**Material provided:**

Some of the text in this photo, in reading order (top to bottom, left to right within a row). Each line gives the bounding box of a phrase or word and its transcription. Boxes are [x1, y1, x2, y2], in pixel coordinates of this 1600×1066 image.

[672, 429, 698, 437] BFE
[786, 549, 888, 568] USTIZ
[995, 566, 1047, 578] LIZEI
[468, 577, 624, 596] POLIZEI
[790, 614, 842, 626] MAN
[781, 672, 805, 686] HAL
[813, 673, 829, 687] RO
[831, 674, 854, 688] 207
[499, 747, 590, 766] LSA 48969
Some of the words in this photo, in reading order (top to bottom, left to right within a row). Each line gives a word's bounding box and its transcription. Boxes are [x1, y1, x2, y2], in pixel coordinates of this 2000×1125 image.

---

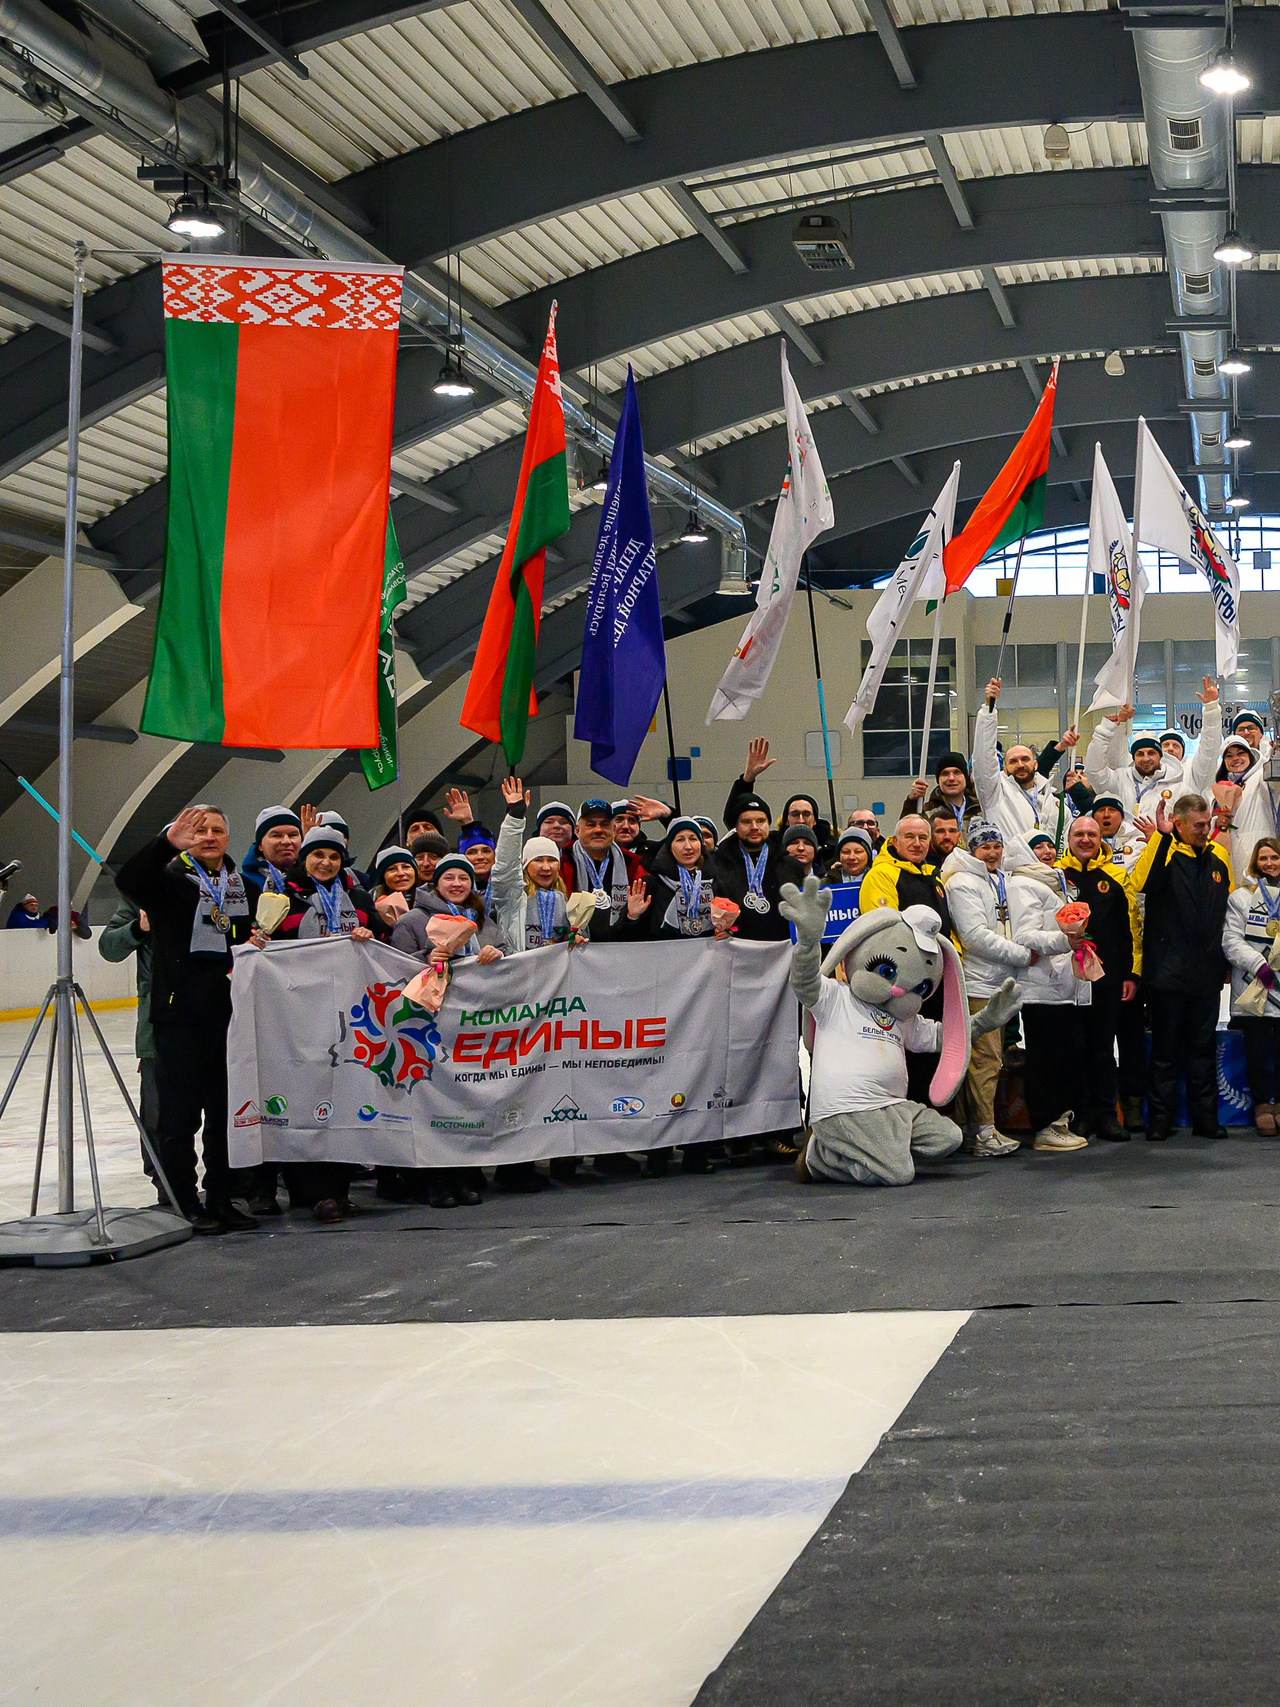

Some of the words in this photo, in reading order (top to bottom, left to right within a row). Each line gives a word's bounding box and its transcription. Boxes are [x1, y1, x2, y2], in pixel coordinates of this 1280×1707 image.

**What to produce:** Every line containing the string "words" should be pulled from the listing and copied.

**The completed task:**
Some of the words in this photo, in reading order (top to bottom, left to right within a row). Each line gives a word's bounding box and its transcription. Boxes are [x1, y1, x2, y2], in pixel coordinates of this 2000×1125 image.
Some of the words in this photo, in reading order (top to bottom, left to right within a row). Each line gives a word's bounding box and its transcription. Boxes are [x1, y1, x2, y2], in pixel coordinates of this 1280×1707 image.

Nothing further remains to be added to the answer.